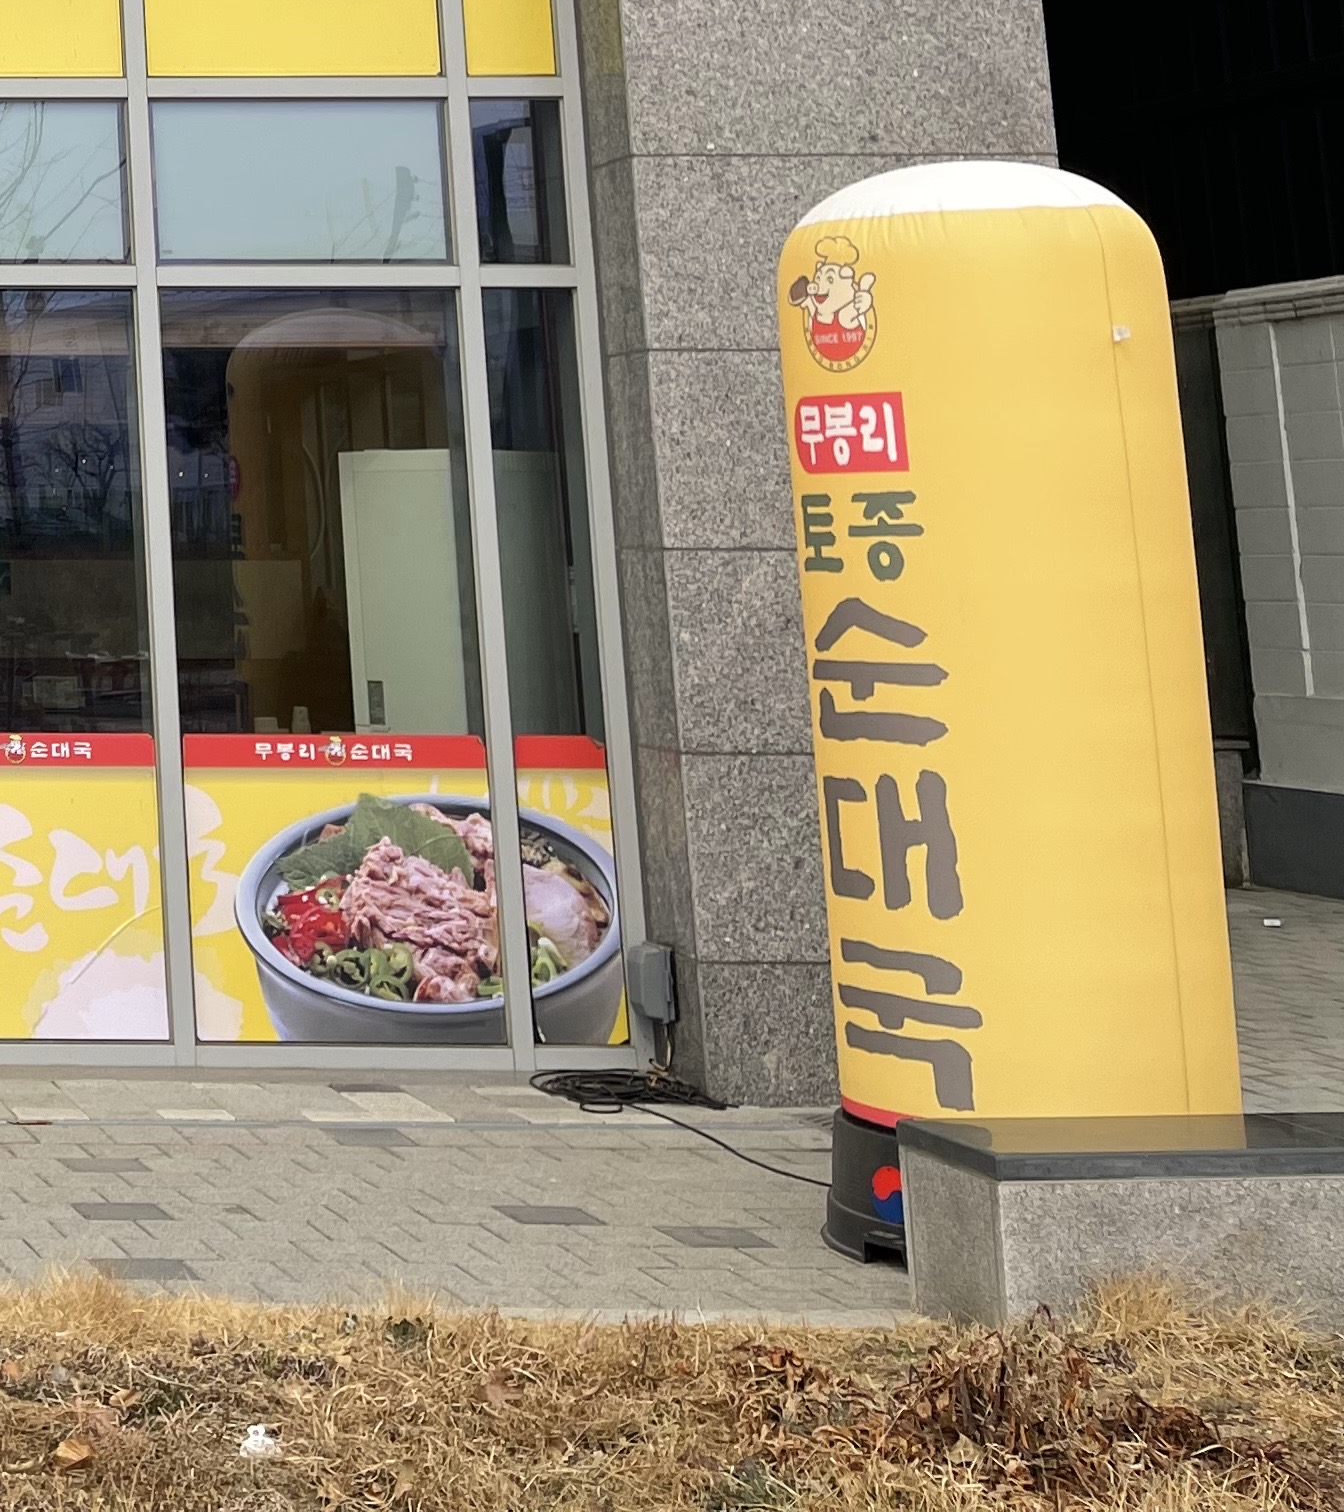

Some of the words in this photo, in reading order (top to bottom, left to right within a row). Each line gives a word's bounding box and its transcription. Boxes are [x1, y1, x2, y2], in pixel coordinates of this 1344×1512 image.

[799, 401, 897, 466] 무봉리
[801, 490, 925, 582] 토종
[30, 741, 92, 759] 순대국
[255, 742, 315, 761] 무봉리
[350, 743, 413, 761] 순대국
[813, 597, 983, 1112] 순대국
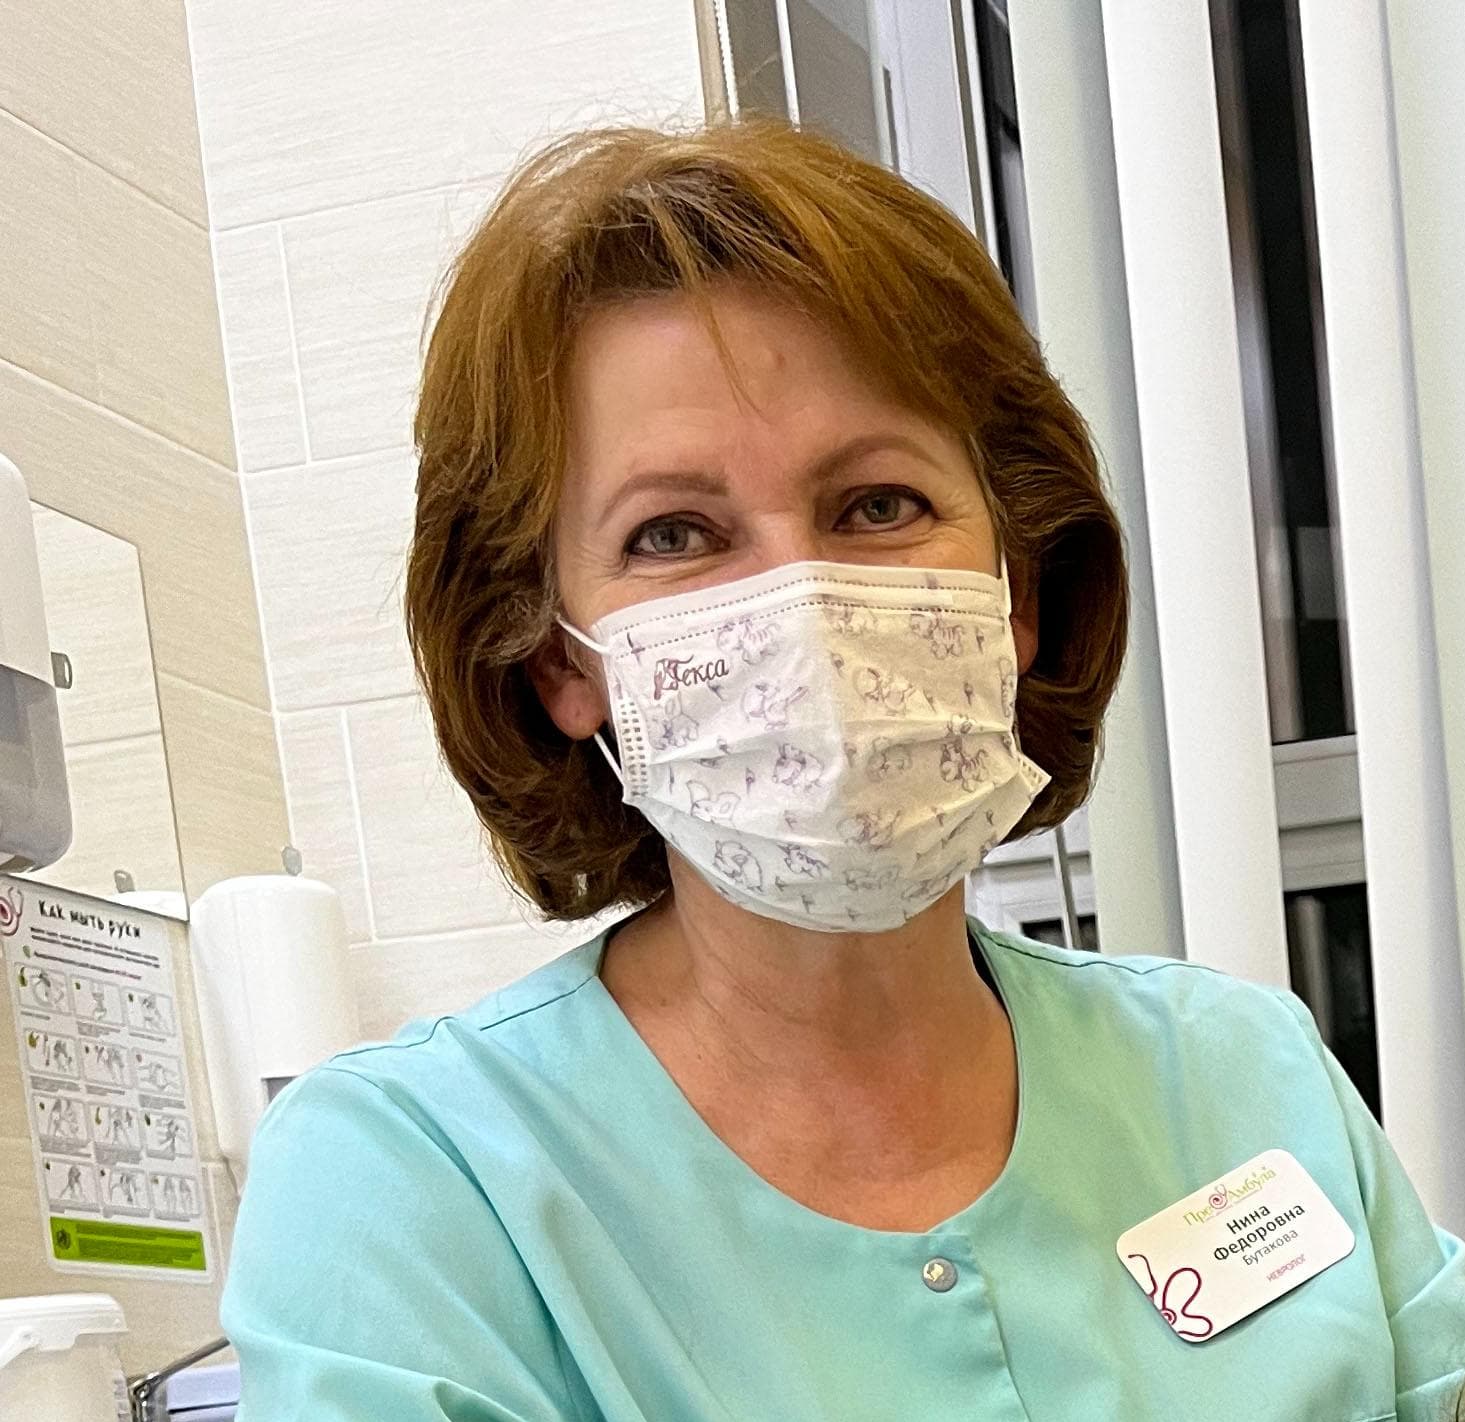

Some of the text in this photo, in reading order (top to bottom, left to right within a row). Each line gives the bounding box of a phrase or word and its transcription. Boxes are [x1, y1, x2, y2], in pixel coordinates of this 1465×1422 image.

[1213, 1205, 1305, 1261] Федоровна
[1226, 1205, 1271, 1235] Нина
[1242, 1229, 1299, 1266] Бутакова
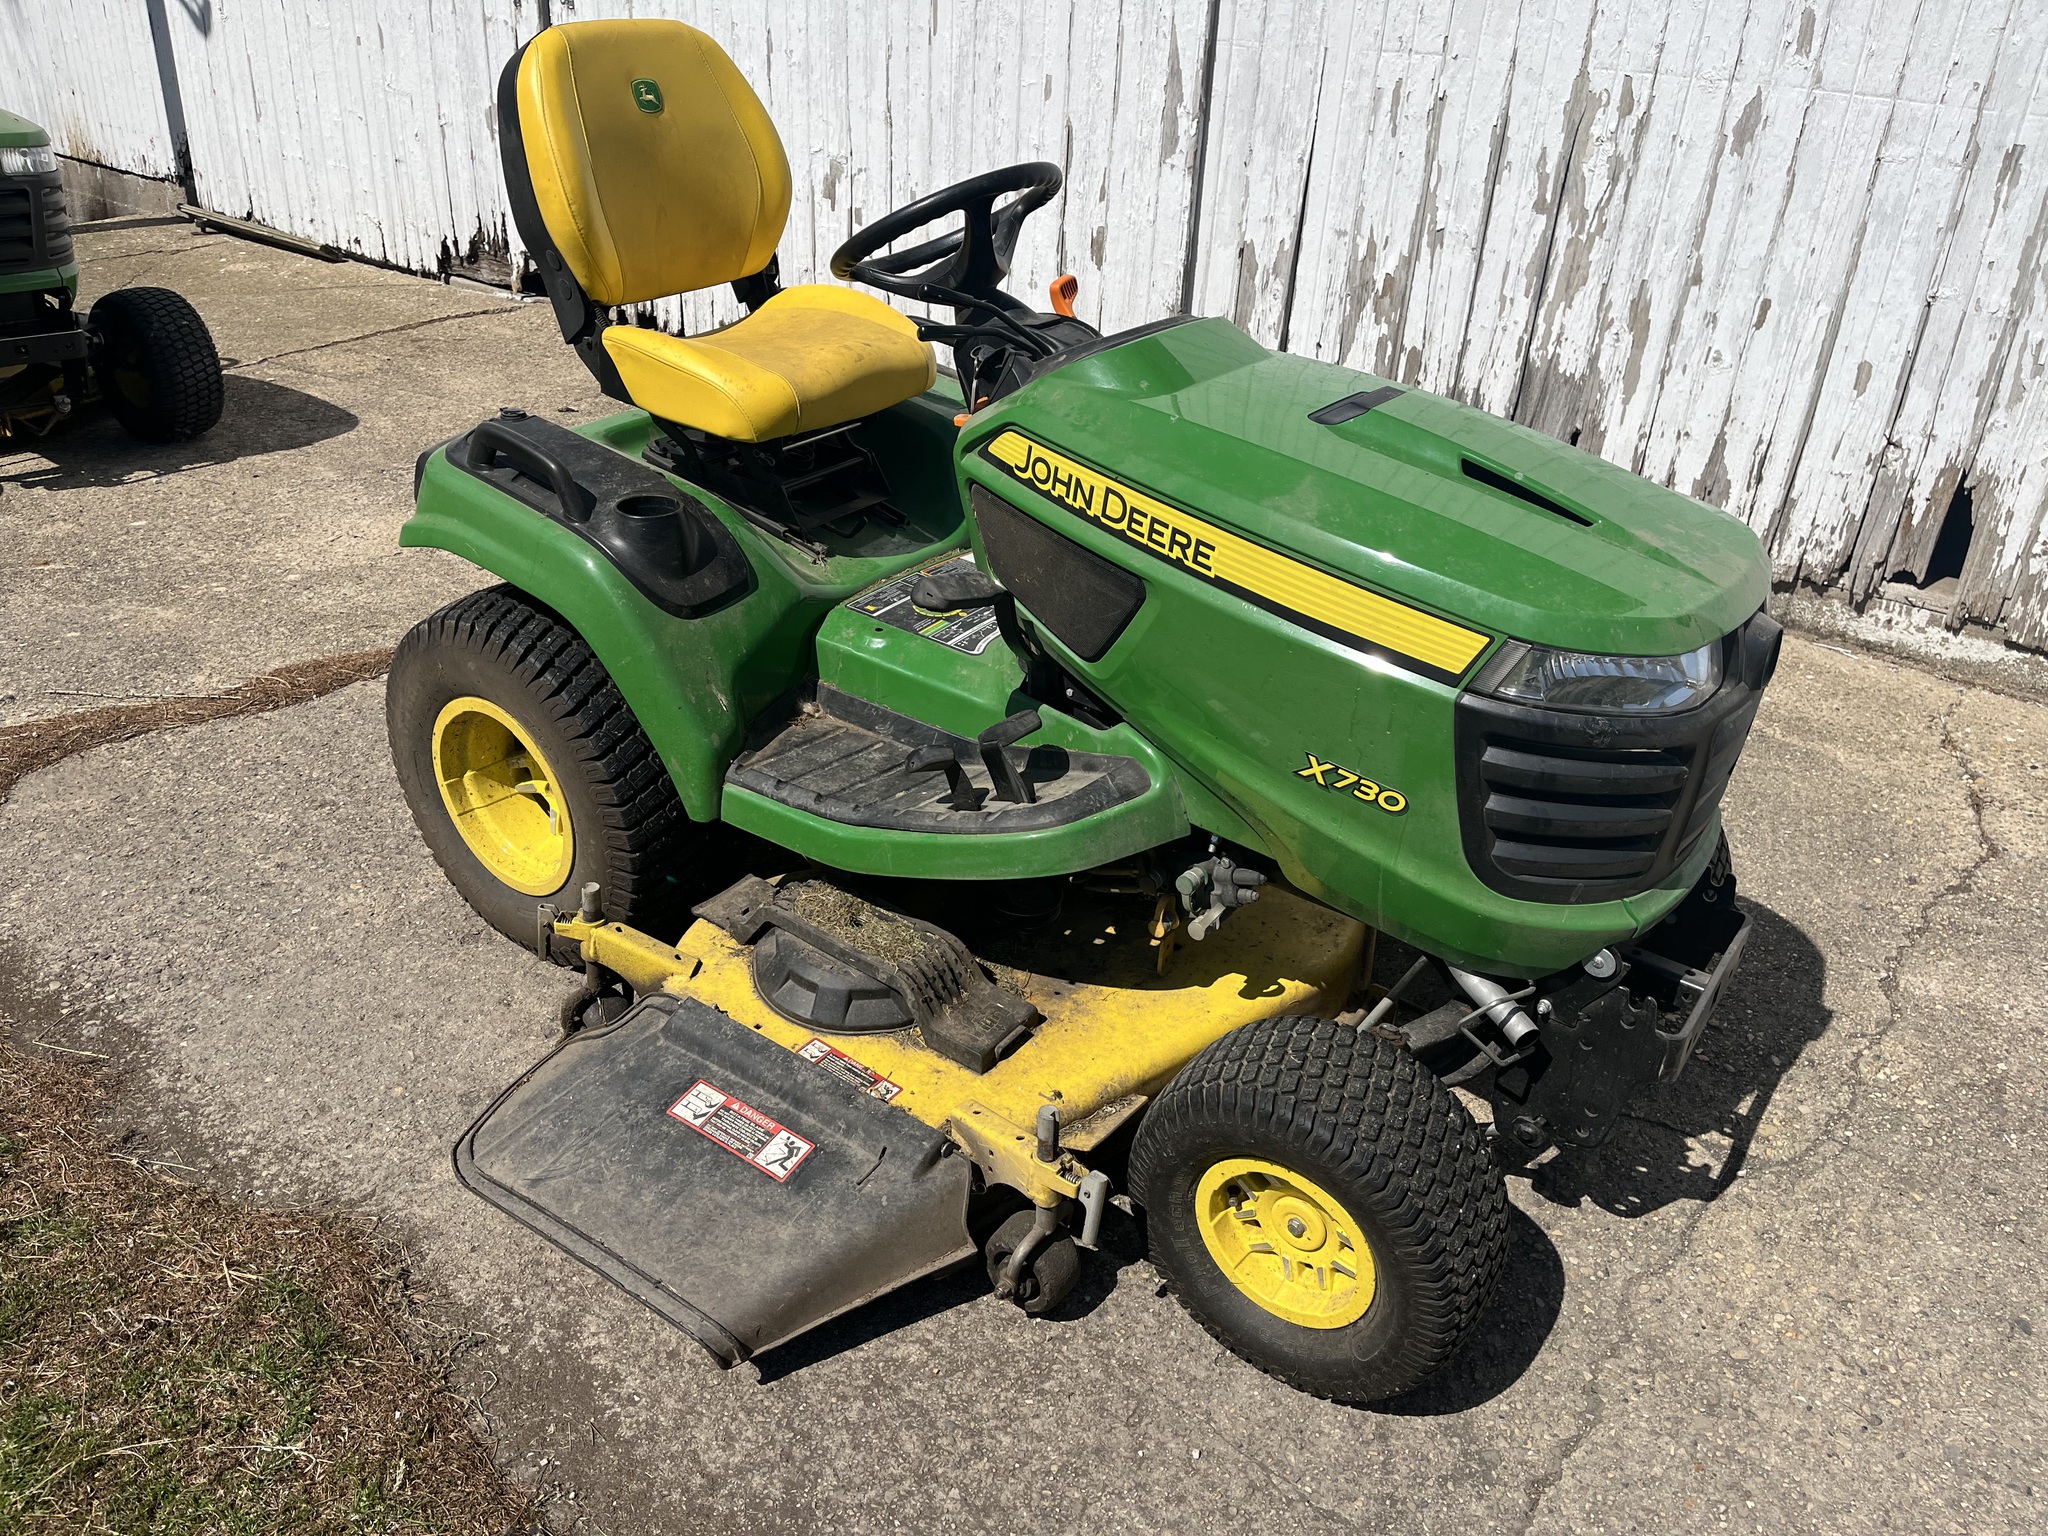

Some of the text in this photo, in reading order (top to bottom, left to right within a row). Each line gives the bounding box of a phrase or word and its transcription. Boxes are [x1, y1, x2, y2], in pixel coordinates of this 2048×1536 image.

#####

▸ **What to do**
Take the line with "this 1465×1422 image." and each line after it through the end of the material above, and reproduce them exactly, without the pictures.

▸ **Reply to the exercise**
Some of the text in this photo, in reading order (top to bottom, left to right within a row). Each line gives the bounding box of a phrase or word and its transcription. Boxes are [x1, y1, x2, y2], in pixel coordinates of this 1465×1422 image.

[1213, 1205, 1305, 1261] Федоровна
[1226, 1205, 1271, 1235] Нина
[1242, 1229, 1299, 1266] Бутакова

Some of the text in this photo, in reading order (top to bottom, left to right within a row). Each line gives the bounding box of a phrase or word and its transcription. Boxes are [x1, y1, x2, y2], in pixel coordinates of this 2048×1536 image.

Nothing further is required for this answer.